[Collected data]

--- START ---

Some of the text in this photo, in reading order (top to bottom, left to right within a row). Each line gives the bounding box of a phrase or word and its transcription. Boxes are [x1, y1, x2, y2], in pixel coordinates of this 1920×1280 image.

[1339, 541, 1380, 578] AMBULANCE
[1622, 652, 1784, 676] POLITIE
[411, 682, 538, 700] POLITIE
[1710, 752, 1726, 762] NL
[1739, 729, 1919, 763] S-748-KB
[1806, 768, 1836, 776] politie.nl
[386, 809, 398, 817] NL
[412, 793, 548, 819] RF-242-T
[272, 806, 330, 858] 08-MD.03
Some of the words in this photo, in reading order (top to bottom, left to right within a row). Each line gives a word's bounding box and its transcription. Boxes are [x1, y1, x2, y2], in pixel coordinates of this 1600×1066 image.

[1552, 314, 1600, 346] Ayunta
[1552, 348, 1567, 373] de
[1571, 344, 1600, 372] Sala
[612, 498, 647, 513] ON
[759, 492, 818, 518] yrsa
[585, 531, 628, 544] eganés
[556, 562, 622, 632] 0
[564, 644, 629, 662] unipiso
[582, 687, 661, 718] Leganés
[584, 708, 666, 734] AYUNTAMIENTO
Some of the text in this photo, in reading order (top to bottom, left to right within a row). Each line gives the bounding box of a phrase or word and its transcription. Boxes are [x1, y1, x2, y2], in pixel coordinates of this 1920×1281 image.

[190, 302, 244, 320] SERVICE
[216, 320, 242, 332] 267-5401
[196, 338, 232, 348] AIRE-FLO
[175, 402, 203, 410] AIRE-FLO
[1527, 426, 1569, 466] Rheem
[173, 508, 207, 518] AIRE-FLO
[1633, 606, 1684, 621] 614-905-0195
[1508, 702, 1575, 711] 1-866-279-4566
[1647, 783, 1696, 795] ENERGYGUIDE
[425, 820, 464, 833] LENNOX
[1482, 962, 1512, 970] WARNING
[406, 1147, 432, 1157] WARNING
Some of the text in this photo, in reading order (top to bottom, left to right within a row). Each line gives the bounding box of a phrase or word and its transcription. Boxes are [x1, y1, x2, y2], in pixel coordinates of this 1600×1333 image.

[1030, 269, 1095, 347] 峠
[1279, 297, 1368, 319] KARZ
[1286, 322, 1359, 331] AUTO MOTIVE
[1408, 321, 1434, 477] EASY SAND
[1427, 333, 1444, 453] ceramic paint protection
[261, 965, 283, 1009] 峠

--- END ---

#### [TASK PROMPT]
Each line of the data has to be written out exactly as it appears.

#### [RESPONSE]
Some of the text in this photo, in reading order (top to bottom, left to right within a row). Each line gives the bounding box of a phrase or word and its transcription. Boxes are [x1, y1, x2, y2], in pixel coordinates of this 1920×1280 image.

[1339, 541, 1380, 578] AMBULANCE
[1622, 652, 1784, 676] POLITIE
[411, 682, 538, 700] POLITIE
[1710, 752, 1726, 762] NL
[1739, 729, 1919, 763] S-748-KB
[1806, 768, 1836, 776] politie.nl
[386, 809, 398, 817] NL
[412, 793, 548, 819] RF-242-T
[272, 806, 330, 858] 08-MD.03
Some of the words in this photo, in reading order (top to bottom, left to right within a row). Each line gives a word's bounding box and its transcription. Boxes are [x1, y1, x2, y2], in pixel coordinates of this 1600×1066 image.

[1552, 314, 1600, 346] Ayunta
[1552, 348, 1567, 373] de
[1571, 344, 1600, 372] Sala
[612, 498, 647, 513] ON
[759, 492, 818, 518] yrsa
[585, 531, 628, 544] eganés
[556, 562, 622, 632] 0
[564, 644, 629, 662] unipiso
[582, 687, 661, 718] Leganés
[584, 708, 666, 734] AYUNTAMIENTO
Some of the text in this photo, in reading order (top to bottom, left to right within a row). Each line gives the bounding box of a phrase or word and its transcription. Boxes are [x1, y1, x2, y2], in pixel coordinates of this 1920×1281 image.

[190, 302, 244, 320] SERVICE
[216, 320, 242, 332] 267-5401
[196, 338, 232, 348] AIRE-FLO
[175, 402, 203, 410] AIRE-FLO
[1527, 426, 1569, 466] Rheem
[173, 508, 207, 518] AIRE-FLO
[1633, 606, 1684, 621] 614-905-0195
[1508, 702, 1575, 711] 1-866-279-4566
[1647, 783, 1696, 795] ENERGYGUIDE
[425, 820, 464, 833] LENNOX
[1482, 962, 1512, 970] WARNING
[406, 1147, 432, 1157] WARNING
Some of the text in this photo, in reading order (top to bottom, left to right within a row). Each line gives the bounding box of a phrase or word and its transcription. Boxes are [x1, y1, x2, y2], in pixel coordinates of this 1600×1333 image.

[1030, 269, 1095, 347] 峠
[1279, 297, 1368, 319] KARZ
[1286, 322, 1359, 331] AUTO MOTIVE
[1408, 321, 1434, 477] EASY SAND
[1427, 333, 1444, 453] ceramic paint protection
[261, 965, 283, 1009] 峠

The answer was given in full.